PDA

View Full Version : program of Melanie



jonas2
- 26th October 2009, 10:16
Hello

I took the conversion program of Melanie, but I
A problem with the backup in the external eeprom.
Should we save time and minute on 2 bytes?

Thank you

jonas2
- 27th October 2009, 09:51
Hello


The data are stored in external EEPROM.
But when I reread the eeprom hour, minute and second
Are written in hexadecimal, while others are in decimal.
Should he make the conversion before saving?

Thank you

Melanie
- 28th October 2009, 11:01
Hi Jonas

I've not looked at your program yet through lack of time...

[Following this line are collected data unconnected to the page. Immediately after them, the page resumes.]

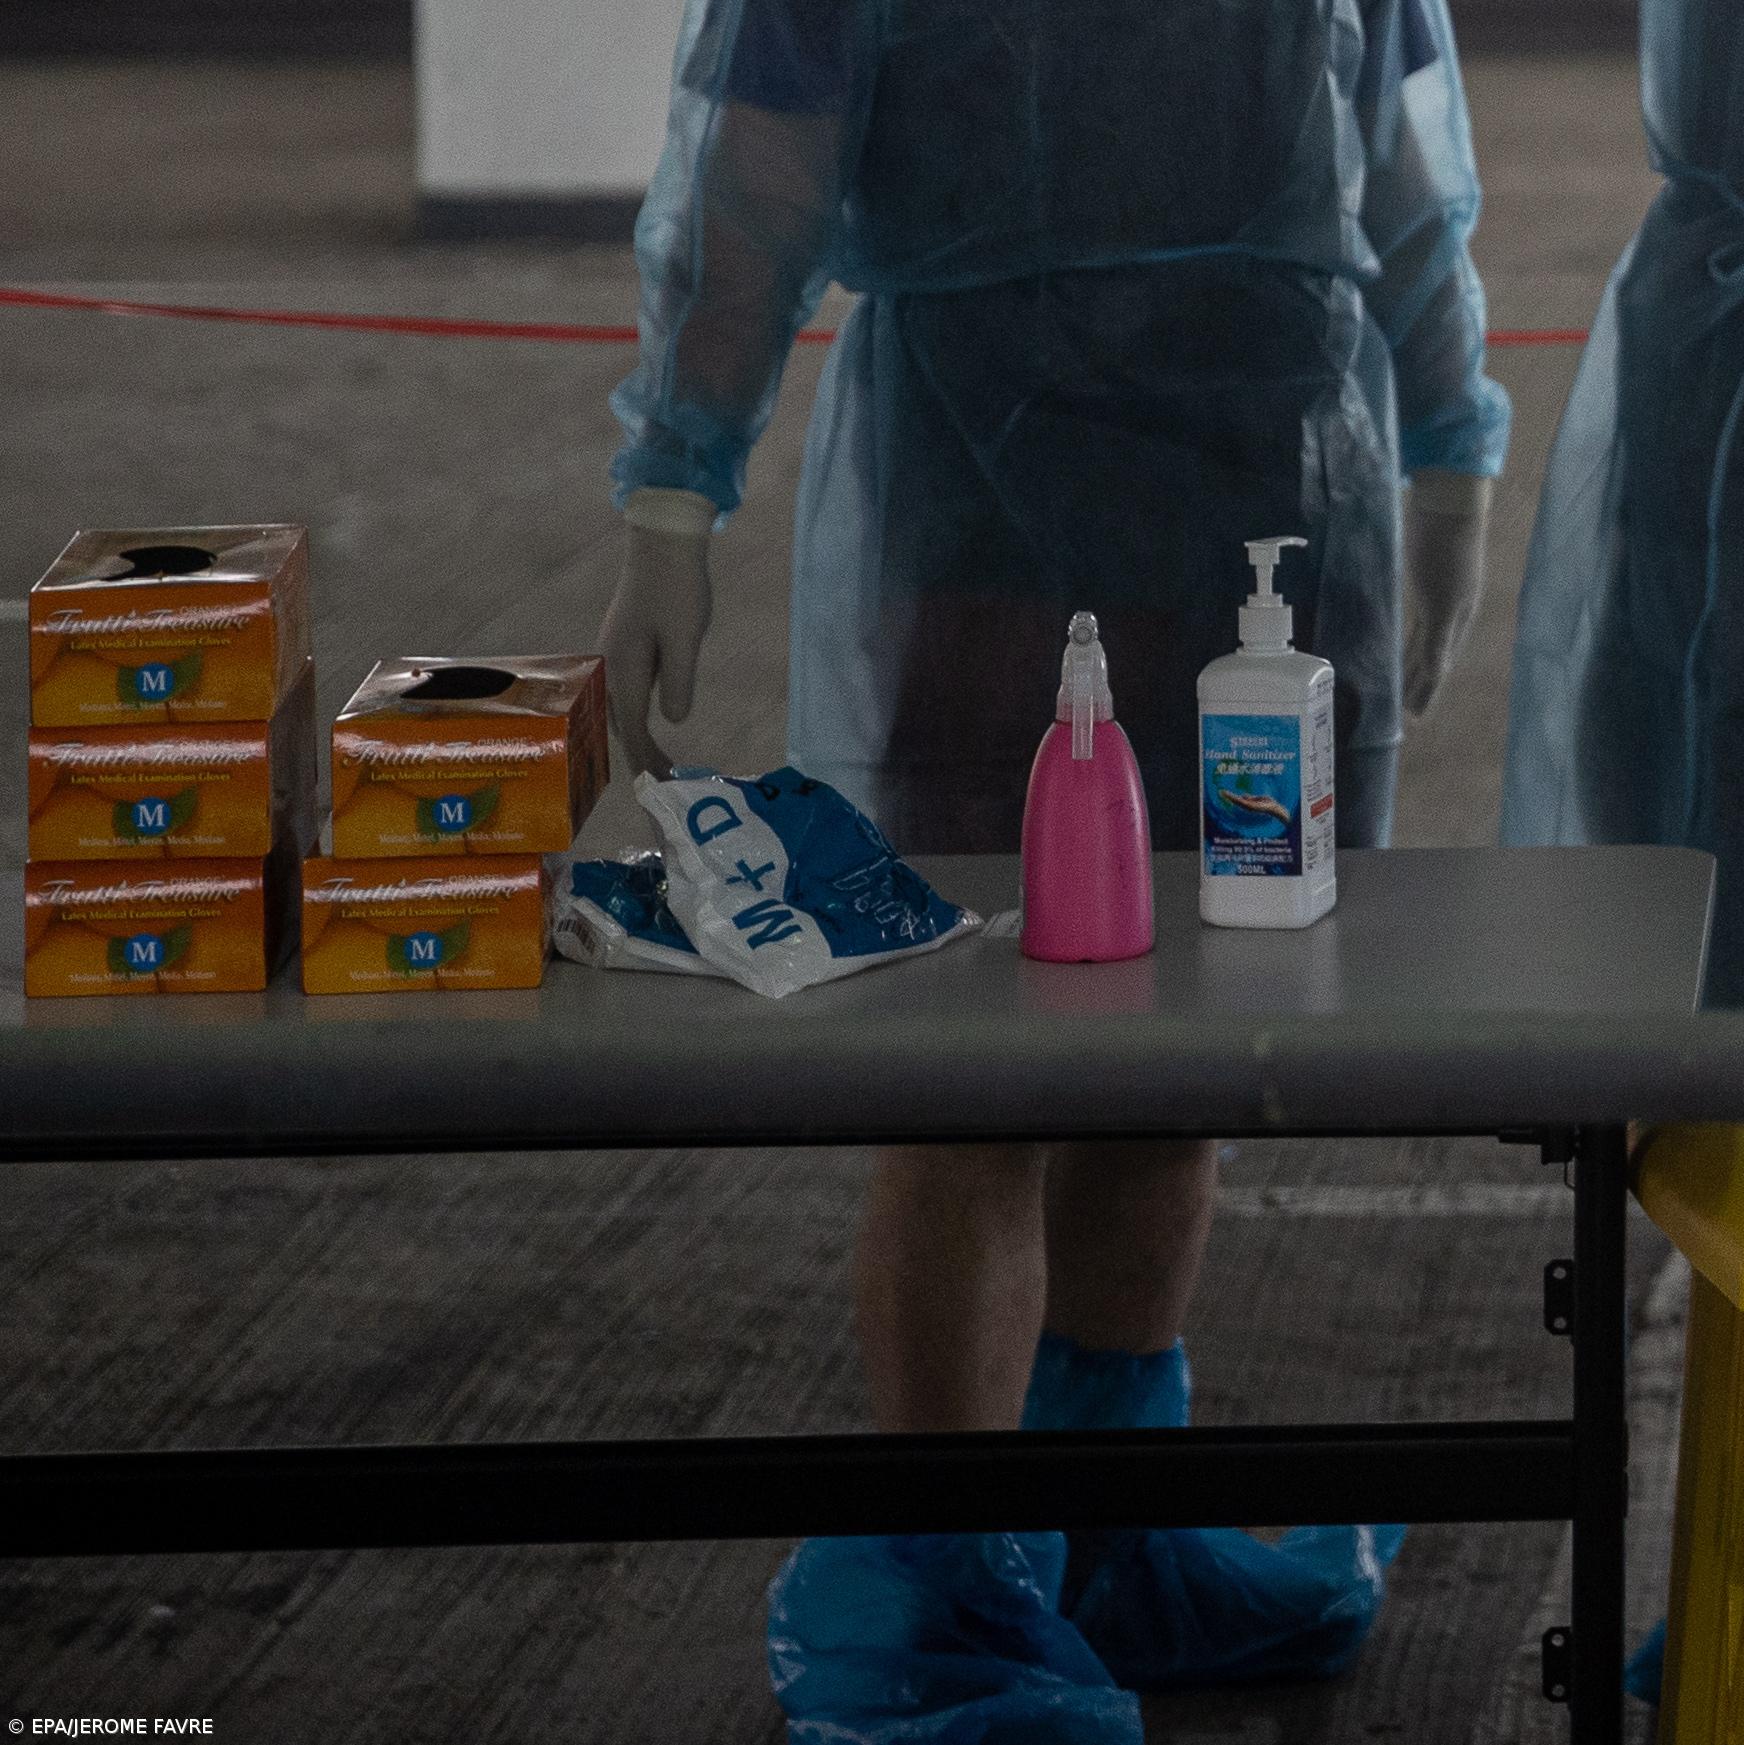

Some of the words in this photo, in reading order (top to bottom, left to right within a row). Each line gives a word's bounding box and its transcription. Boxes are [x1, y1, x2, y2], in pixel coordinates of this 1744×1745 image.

[142, 670, 167, 692] M
[137, 804, 166, 827] M
[440, 801, 465, 823] M
[131, 941, 157, 963] M
[410, 938, 436, 960] M

If you want to store in EEPROM, then the best and easiest is to save in the same (BCD) format as you are reading from the RTC. That way, you will remember that all operations, be they EEPROM or RTC are always in the same format.

Only convert to a human readable format when you want interaction by a human (ie Display or Setting).

Now, if you are saving to EEPROM, this raises another question - how often are you saving? Always remember that some EEPROMs only have a 100,000 WRITE lifetime... if you are saving every second, it won't be that long before you reach that limit.

jonas2
- 28th October 2009, 15:42
Good evening

It is a program to test how backups are the data in the eeprom.
And as can see the data is written partly in Hexa and others in Decimal
I need your help

Thank you

aratti
- 28th October 2009, 18:05
The data are stored in external EEPROM.
But when I reread the eeprom hour, minute and second
Are written in hexadecimal, while others are in decimal.
Should he make the conversion before saving?


Whatever format you will use data in eeprom will be saved in binary format!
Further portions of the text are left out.